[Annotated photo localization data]
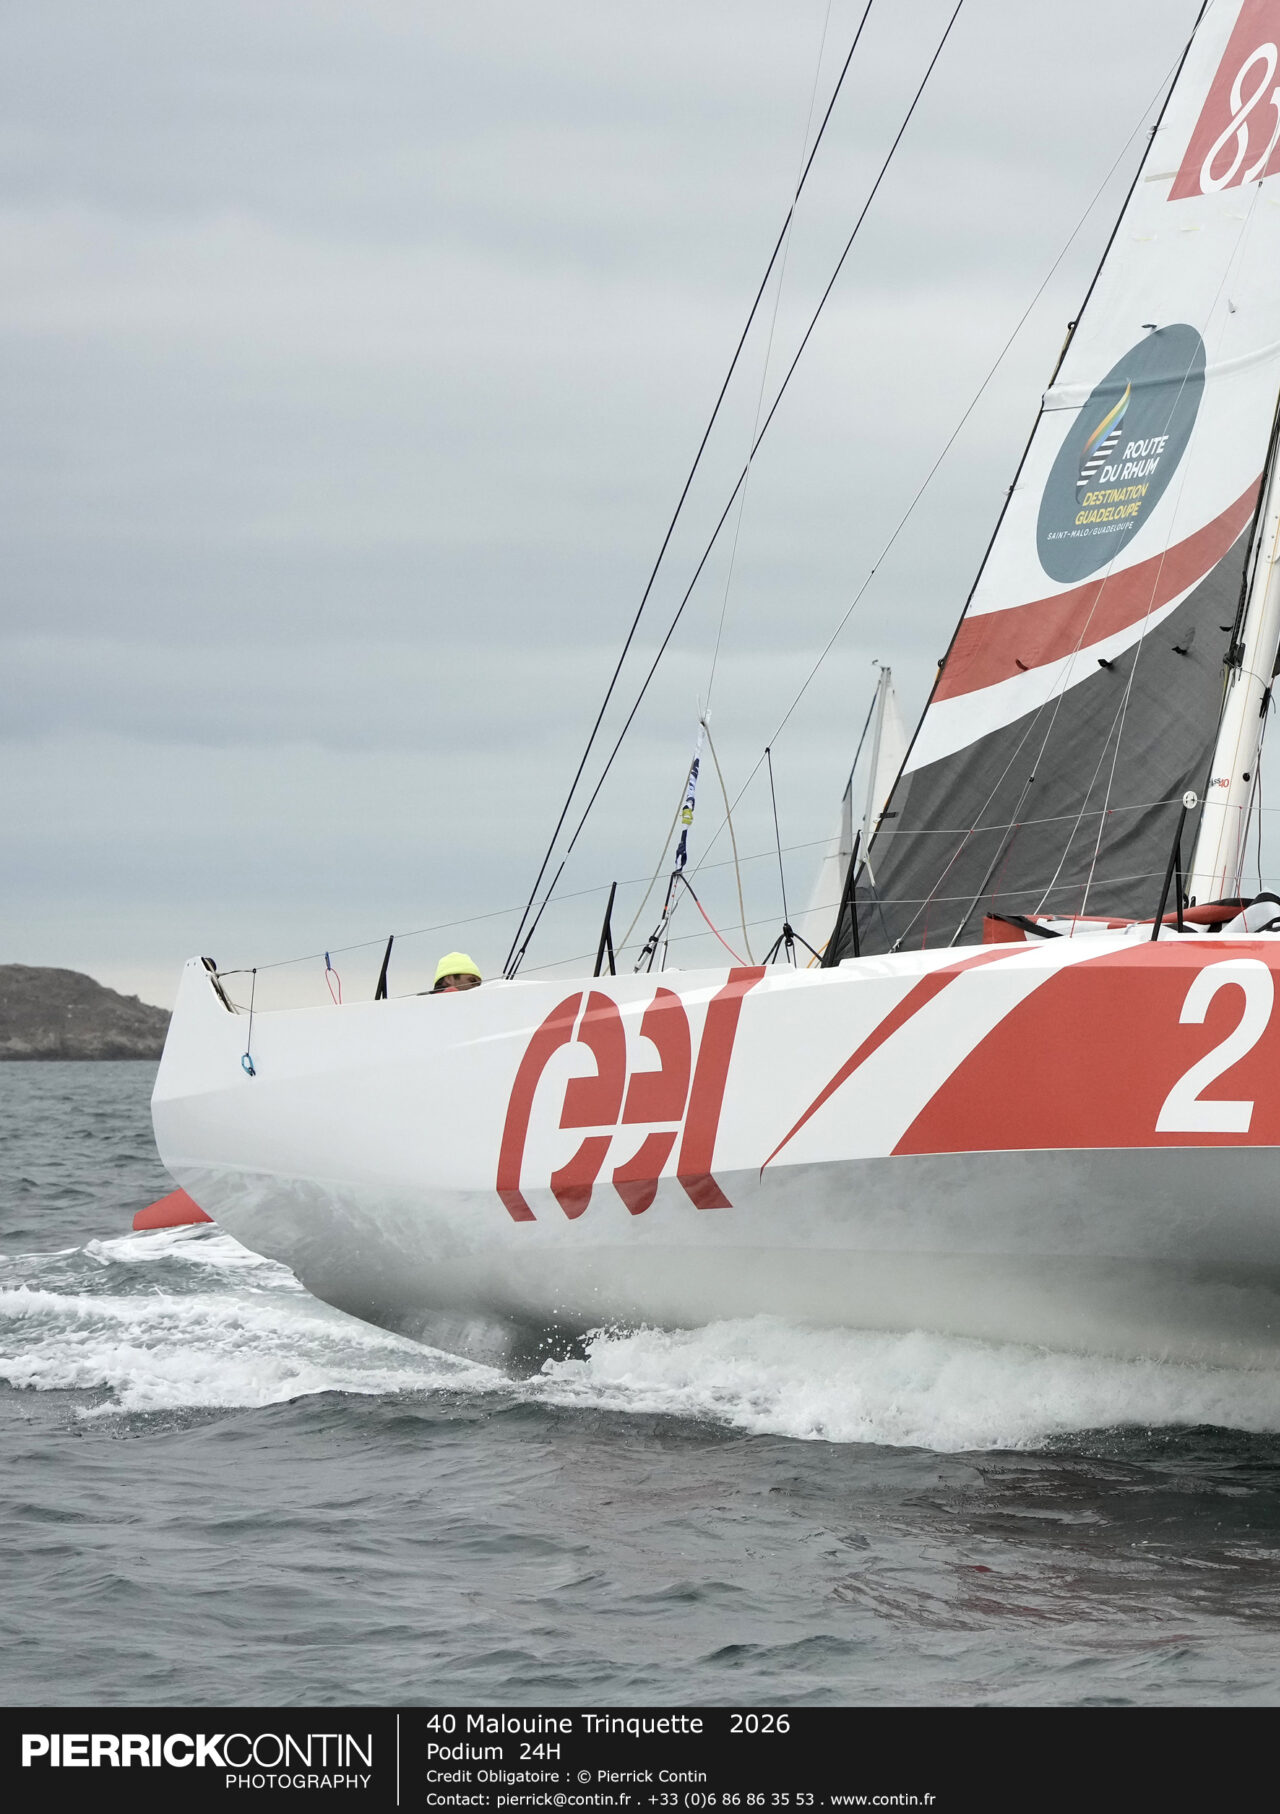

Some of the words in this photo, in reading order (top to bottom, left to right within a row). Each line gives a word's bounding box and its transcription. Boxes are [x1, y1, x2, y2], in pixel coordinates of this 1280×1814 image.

[1122, 435, 1169, 460] ROUTE
[1099, 464, 1123, 483] DU
[1120, 457, 1160, 481] RHUM
[1082, 482, 1149, 507] DESTINATION
[1075, 502, 1142, 525] GUADELOUPE

To do
Go back to the records above and write them out exactly, without the pictures.

Solution
Some of the words in this photo, in reading order (top to bottom, left to right within a row). Each line gives a word's bounding box and its transcription. Boxes are [x1, y1, x2, y2], in pixel coordinates of this 1280×1814 image.

[1122, 435, 1169, 460] ROUTE
[1099, 464, 1123, 483] DU
[1120, 457, 1160, 481] RHUM
[1082, 482, 1149, 507] DESTINATION
[1075, 502, 1142, 525] GUADELOUPE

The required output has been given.